00:10 Publié dans a.deportago | Lien permanent | Commentaires (6) |  Facebook | |

Commentaires

J'ai déjà visité Arcangues 2 fois: la première avec mes parents, pour Luis Mariano, puis avec mon épouse pour la beauté du village et la vue superbe! Mais grâce à vous il va falloir que j'y retourne une troisième fois : j'ignorais que de Portago y reposait.

Écrit par : J.P. Squadra | 10 janvier 2017

Tous les prétextes sont bons pour aller au Pays Basque en général et à Arcangues en particulier...

Écrit par : Raymond Jacques | 11 janvier 2017

Lire une note de Raymond est toujours un instant d'émotion.

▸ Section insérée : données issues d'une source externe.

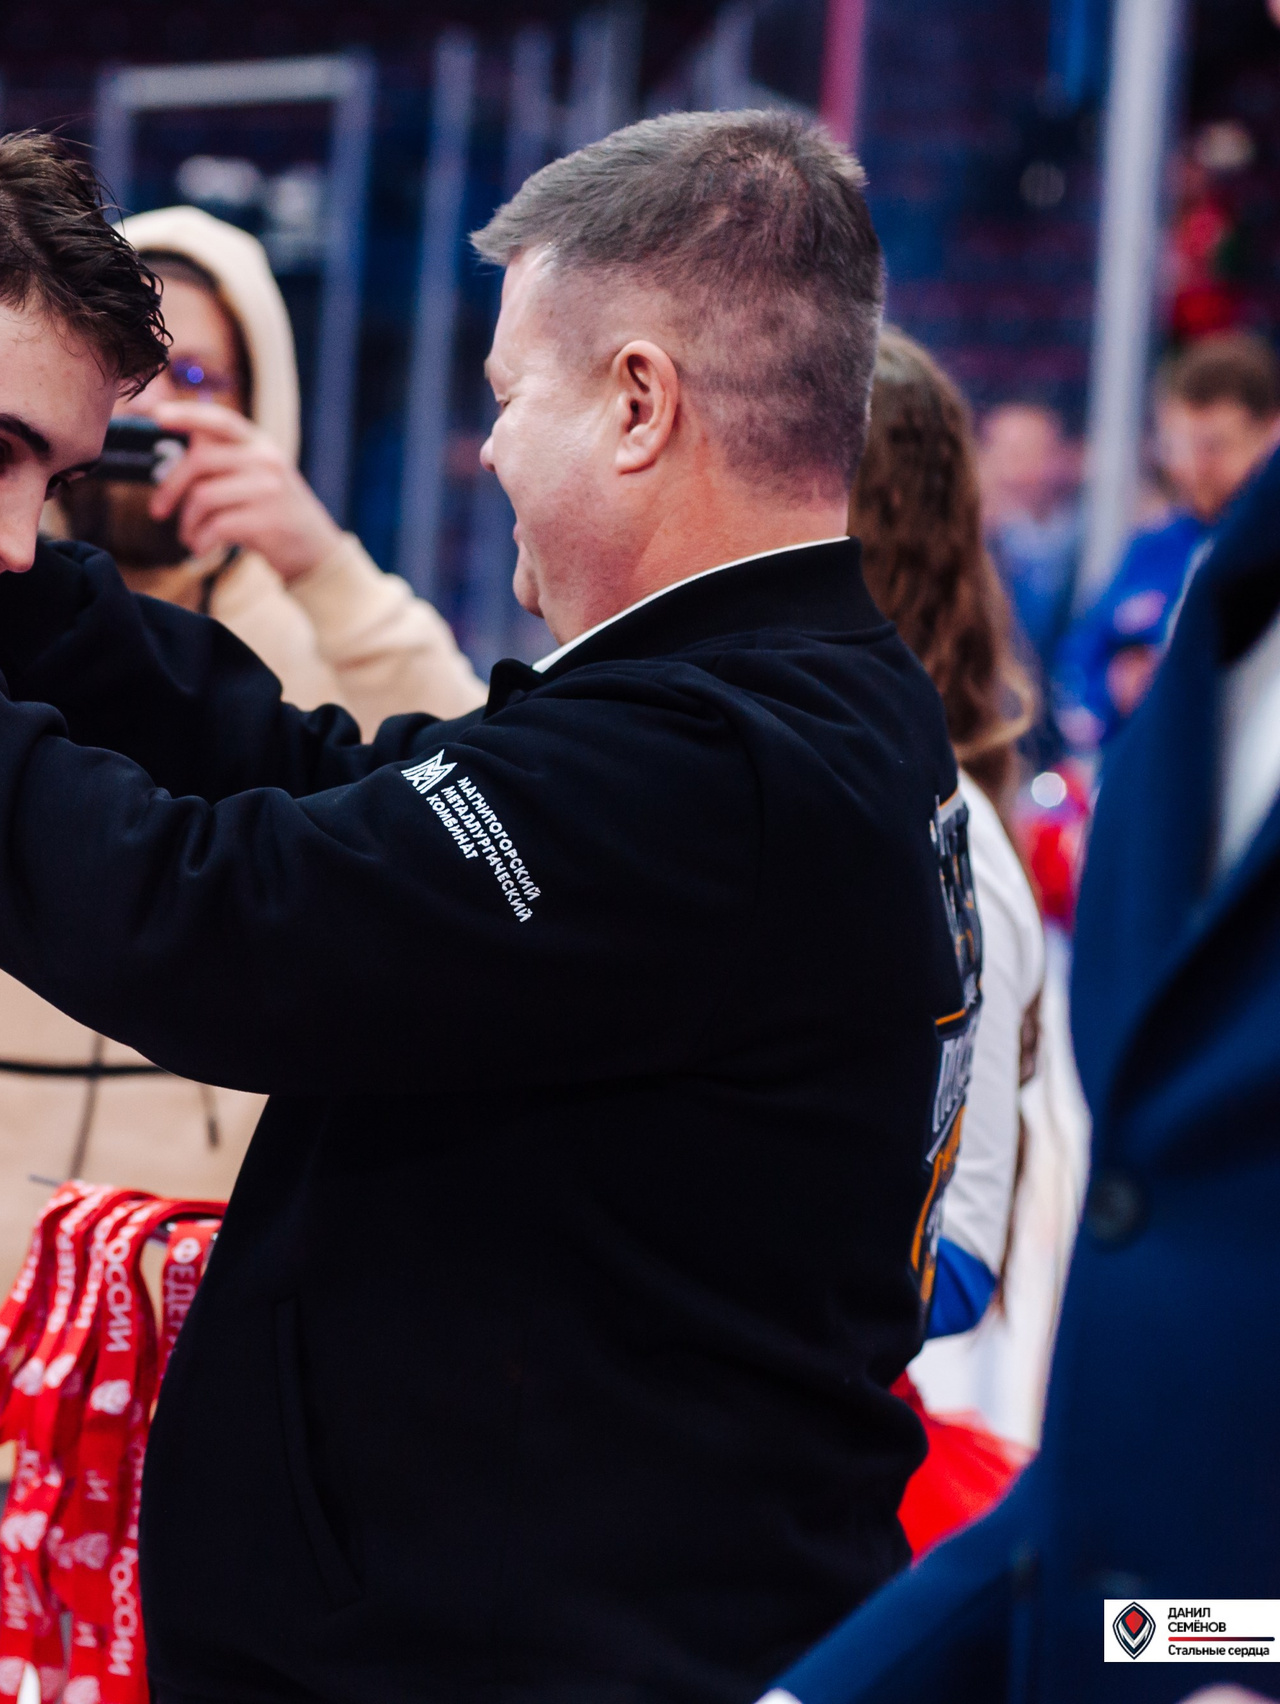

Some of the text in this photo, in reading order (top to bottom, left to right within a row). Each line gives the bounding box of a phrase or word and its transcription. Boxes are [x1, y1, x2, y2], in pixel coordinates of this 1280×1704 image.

Qu'il en soit d'autant plus remercié que les contributions extérieures sont rares.
Si beaucoup d'entre nous ignoraient où se trouvait la dernière demeure de "Fon", c'est qu'il fut d'abord enterré à Madrid, au Cementerio Sacramental de San Isidro, avant d'être transféré à Arcangues en 1968.
Bien que ne parlant pas l'espagnol, j'ai trouvé beaucoup d'informations intéressantes sur le site suivant, très certainement tenu par des passionnés:
http://www.pilotos-muertos.com/2013/DePortago%20Alfonso.html

Écrit par : Francis Rainaut | 12 janvier 2017

Merci Francis pour ce lien vers le site "los pilotos muertos" qui m'était totalement inconnu. Mon espagnol étant tout aussi défaillant que mon serbo-croate ou mon swahili, je vais confier par petits morceaux la traduction de ce texte sur "Fon", apparemment très complet, au merveilleux et irremplaçable Google Translate.

Écrit par : Raymond Jacques | 12 janvier 2017

Je pensais que Louis Mariano reposait à Guéthary, mais vous me direz, ca n'est pas si loin ! En revanche, j'ignorais que de Portago fut enterré à Arcangues. J'y suis allé pourtant plusieurs fois tout en l'ignorant. Alfonso de Portago est l’un des pilotes les plus iconoclastes qu'ait connu le sport automobile. Il a été à sa façon une sorte d'Ernest Hemingway de la course automobile. Un type bien né, de souche aristocratique mais en mal de sensations, un touche à tout pour qui pratiquer importait plus que le résultat. Sa fortune et sa soif de vivre lui autorisaient toute sorte d’expérience dans le sport. Mais à ses débuts sur 4 roues, il fut si impétueux et dangereux que Maurice Trintignant le regardant évoluer jugea qu’il était urgent et nécessaire de lui prodiguer quelques conseils de trajectoire avant qu’il ne se tue. Il proposa donc à Fon de le suivre pendant quelques tours afin qu’il apprenne où se situaient les zones de freinage et les points de corde. Ce ne fut pas une erreur de trajectoire qui eut raison de lui ! Au Mille Miles, on dit qu’Enzo Ferrari qui avait le don de mettre ses pilotes dans de mauvaises conditions psychologiques, il aurait avantagé Olivier Gendebien en faisant mieux chausser sa voiture au détriment de celle de De Portago. En 1988 ; Philippe Alfonsi a réalisé untrès beau documentaire que j’avais vu sur Canal Jimmy (hélas !) qu’i s’intitulait Alfonso Cabeza de Vaca, marquis de Portago : à voir et à revoir !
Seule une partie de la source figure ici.